▶ _Description of the task_
Could you retype all of the entries exactly, without their pictures?

Dataset entries:
↓↓↓
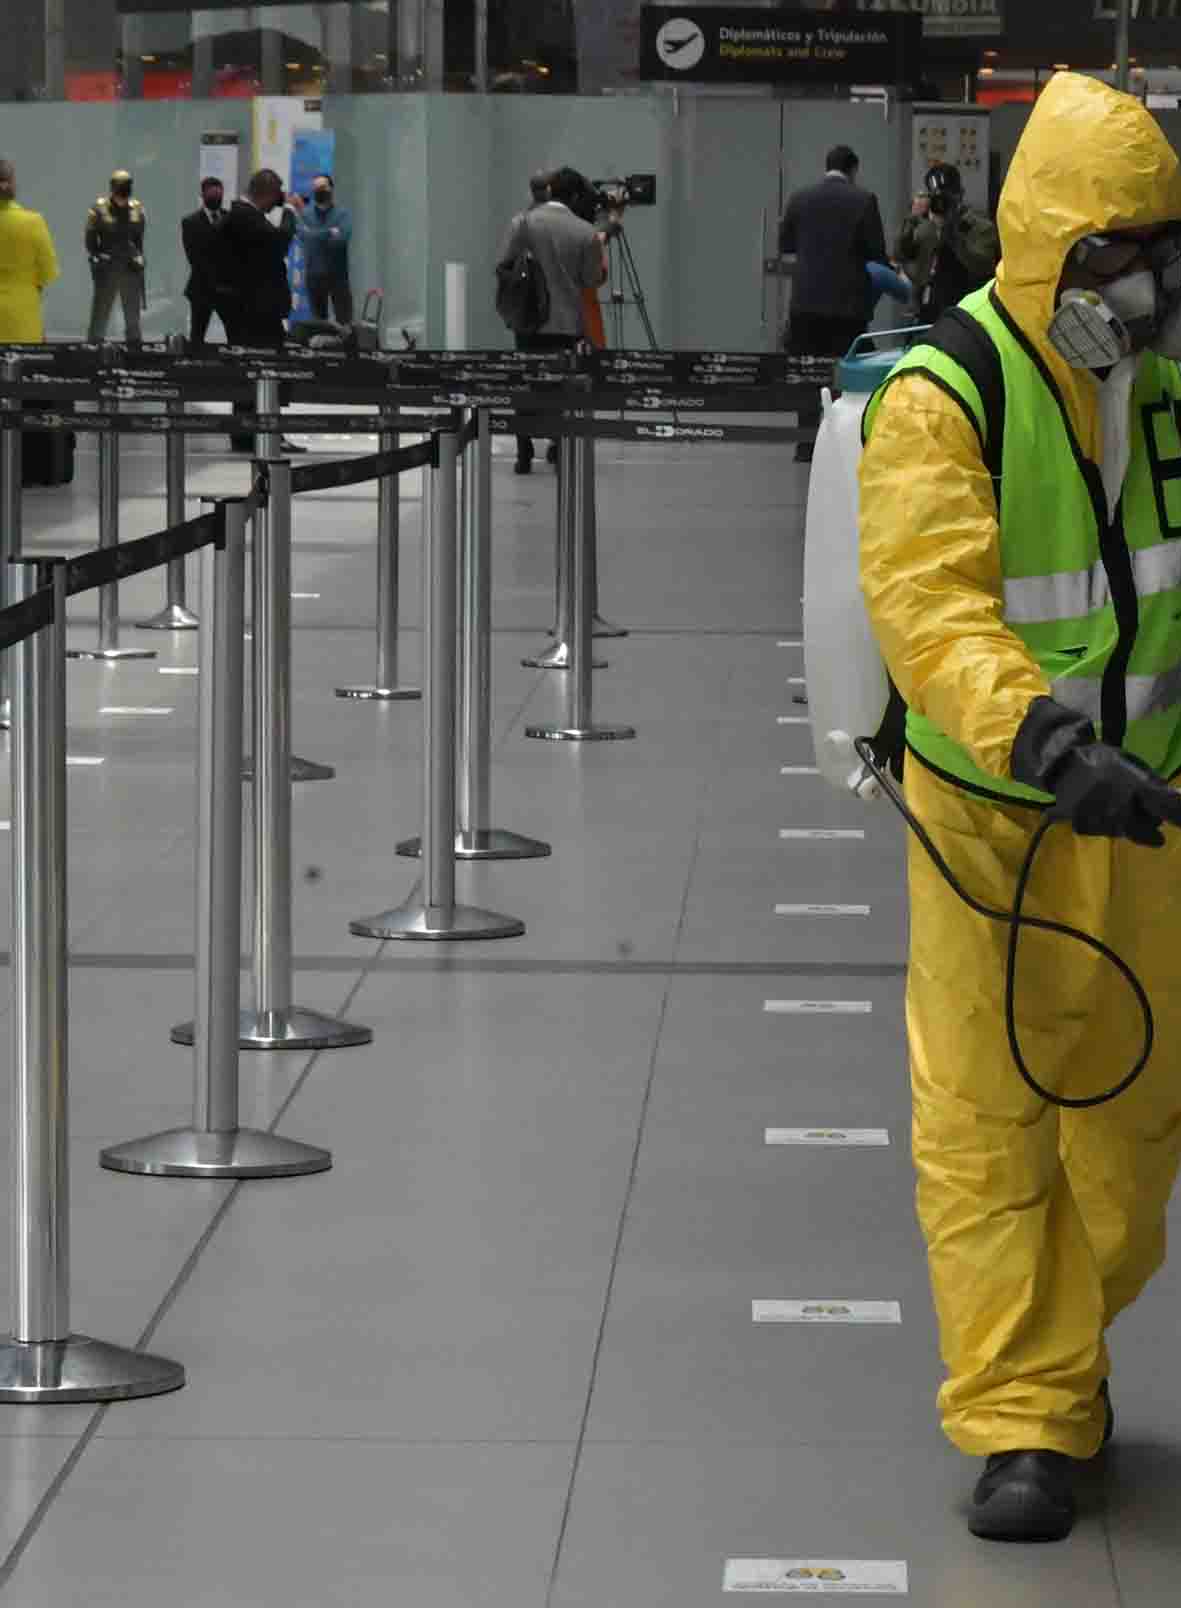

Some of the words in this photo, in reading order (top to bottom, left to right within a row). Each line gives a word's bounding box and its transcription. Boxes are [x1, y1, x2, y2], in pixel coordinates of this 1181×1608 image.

[719, 24, 801, 44] Diplomáticos
[804, 32, 814, 47] y
[816, 24, 889, 44] Tripulación
[719, 44, 784, 59] Diplomats
[786, 45, 812, 58] and
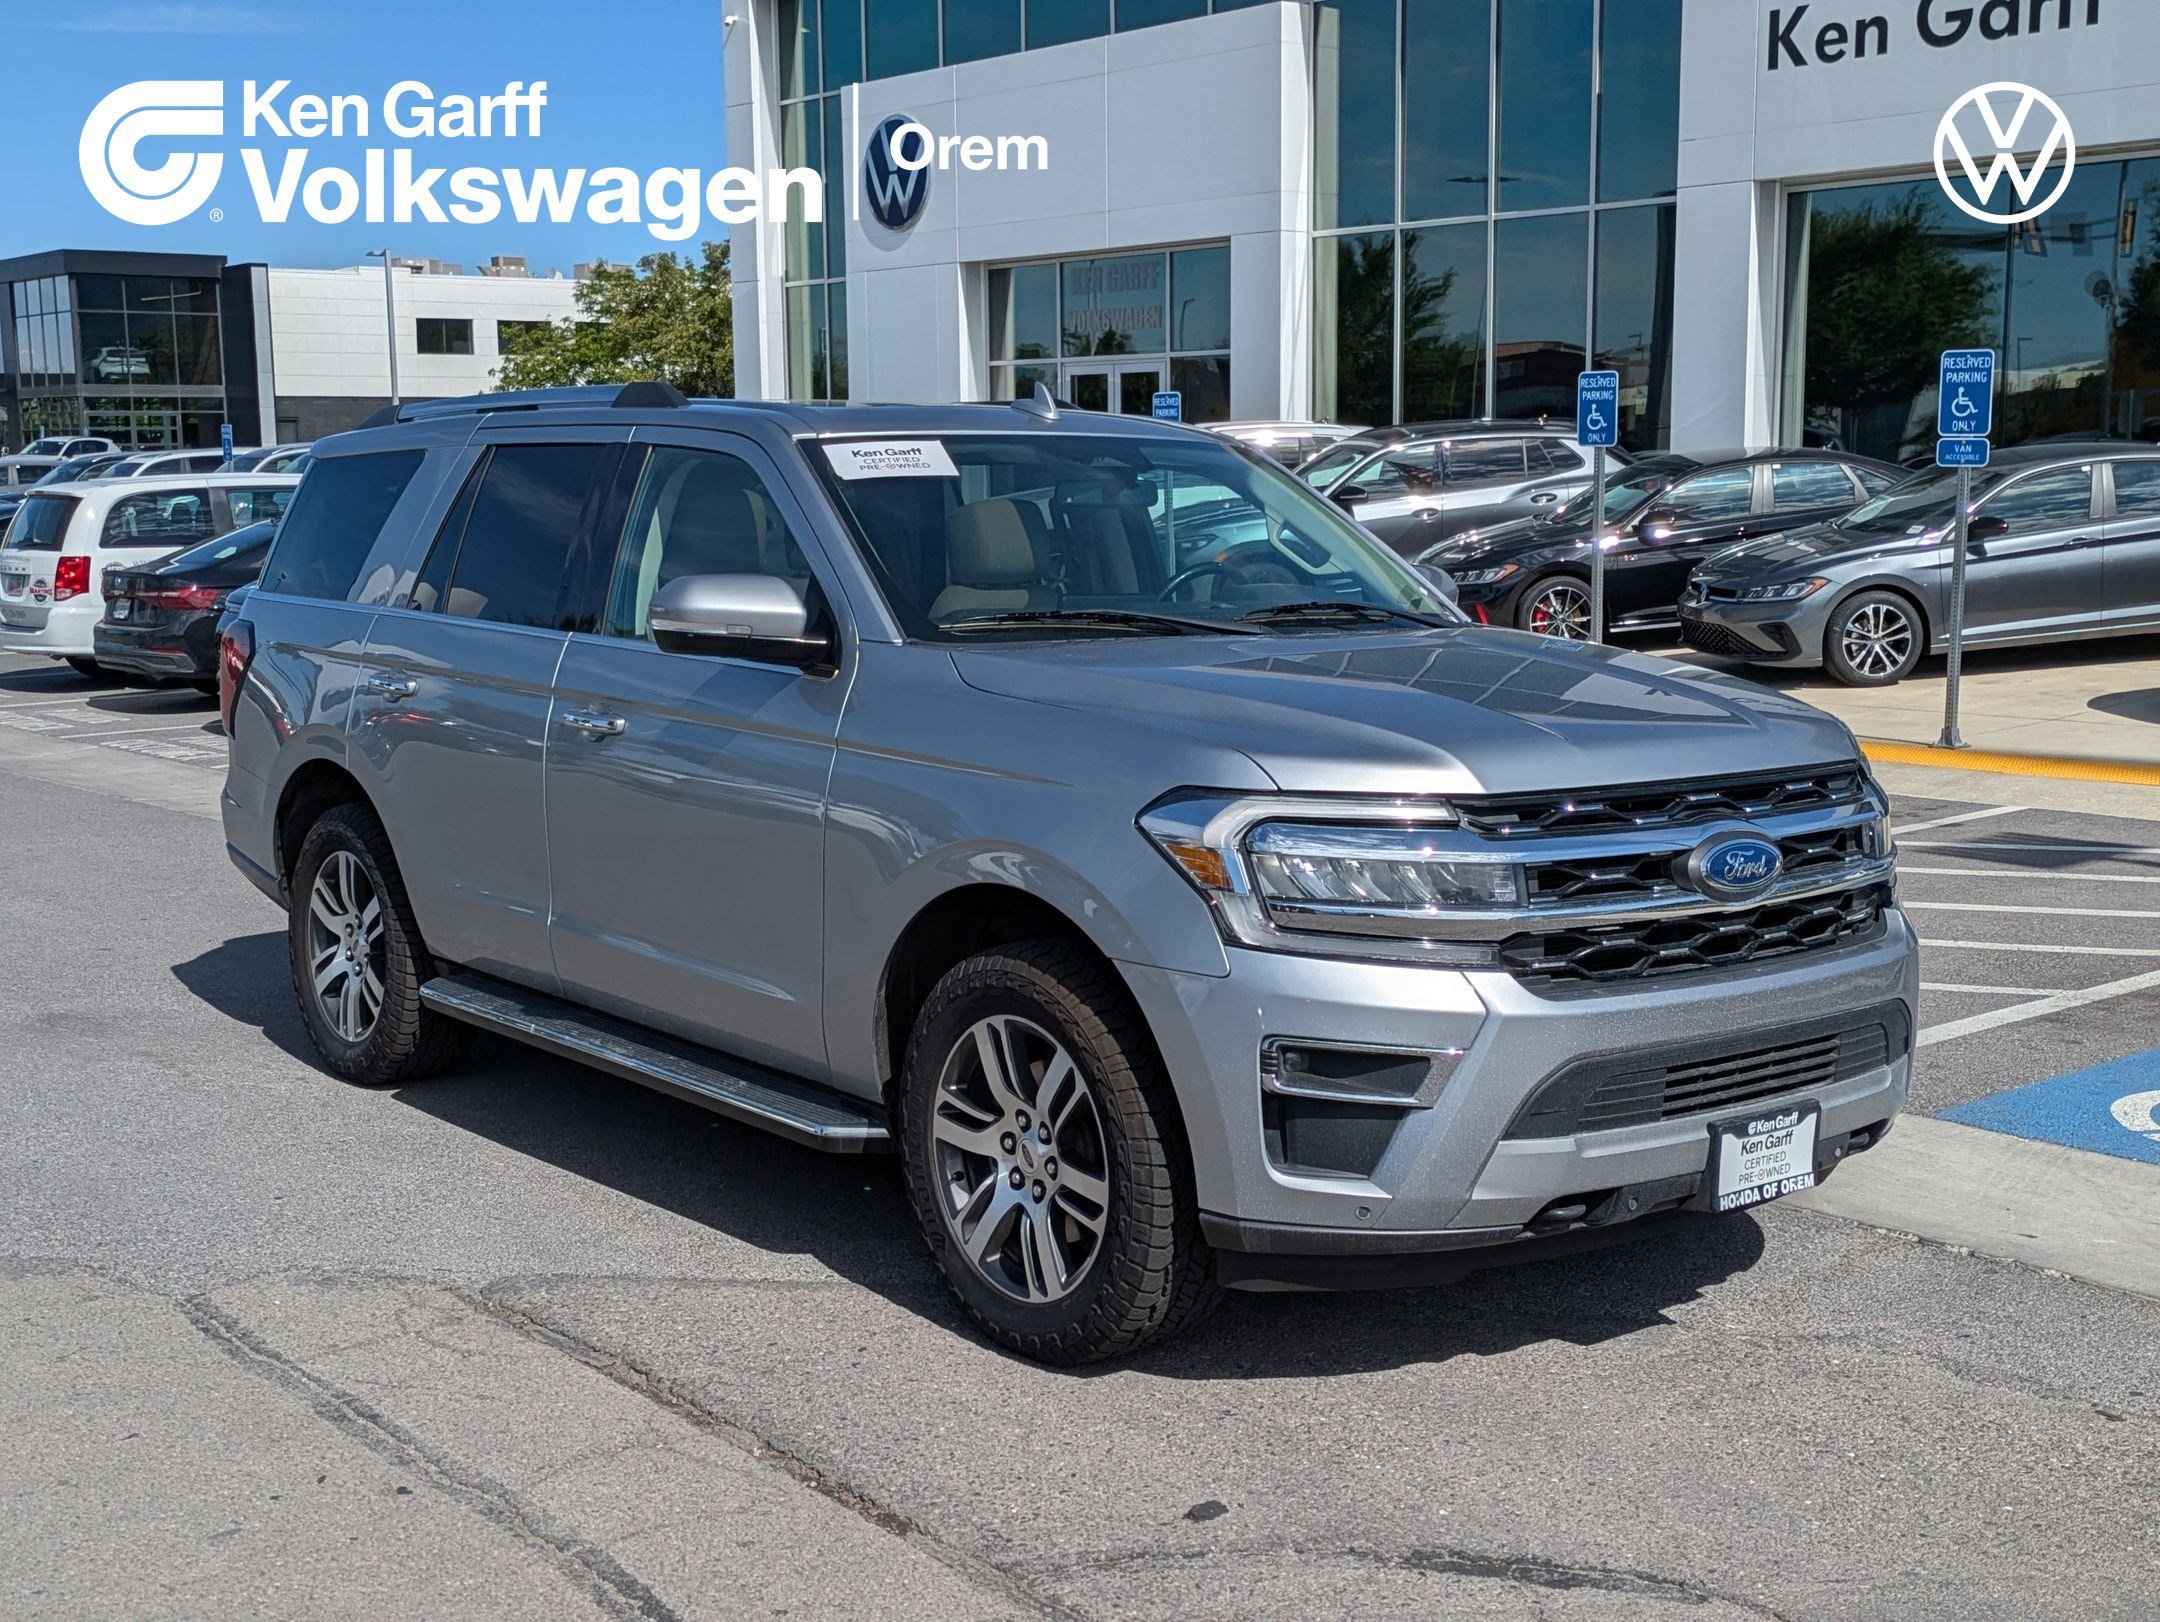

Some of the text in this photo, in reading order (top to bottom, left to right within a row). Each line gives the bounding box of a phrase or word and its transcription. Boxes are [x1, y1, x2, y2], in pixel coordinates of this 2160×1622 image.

[1767, 4, 1889, 71] Ken
[1944, 357, 1991, 369] RESERVED
[1580, 377, 1616, 388] RESERVED
[1945, 372, 1987, 383] PARKING
[1582, 390, 1614, 401] PARKING
[1952, 420, 1976, 432] ONLY
[1587, 433, 1606, 443] ONLY
[851, 447, 922, 458] Ken Garff
[1954, 444, 1972, 453] VAN
[863, 456, 921, 465] CERTIFIED
[1945, 453, 1980, 461] ACCESSIBLE
[1724, 850, 1767, 880] Ford
[1756, 1111, 1799, 1134] Ken Garff
[1740, 1129, 1794, 1156] Ken Garff
[1744, 1151, 1787, 1170] CERTIFIED
[1720, 1173, 1814, 1212] HONDA OF OREM
↑↑↑
▶ _Final answer_
Some of the words in this photo, in reading order (top to bottom, left to right within a row). Each line gives a word's bounding box and its transcription. Boxes are [x1, y1, x2, y2], in pixel coordinates of this 1181×1608 image.

[719, 24, 801, 44] Diplomáticos
[804, 32, 814, 47] y
[816, 24, 889, 44] Tripulación
[719, 44, 784, 59] Diplomats
[786, 45, 812, 58] and

Some of the text in this photo, in reading order (top to bottom, left to right within a row). Each line gives the bounding box of a phrase or word and its transcription. Boxes are [x1, y1, x2, y2], in pixel coordinates of this 2160×1622 image.

[1767, 4, 1889, 71] Ken
[1944, 357, 1991, 369] RESERVED
[1580, 377, 1616, 388] RESERVED
[1945, 372, 1987, 383] PARKING
[1582, 390, 1614, 401] PARKING
[1952, 420, 1976, 432] ONLY
[1587, 433, 1606, 443] ONLY
[851, 447, 922, 458] Ken Garff
[1954, 444, 1972, 453] VAN
[863, 456, 921, 465] CERTIFIED
[1945, 453, 1980, 461] ACCESSIBLE
[1724, 850, 1767, 880] Ford
[1756, 1111, 1799, 1134] Ken Garff
[1740, 1129, 1794, 1156] Ken Garff
[1744, 1151, 1787, 1170] CERTIFIED
[1720, 1173, 1814, 1212] HONDA OF OREM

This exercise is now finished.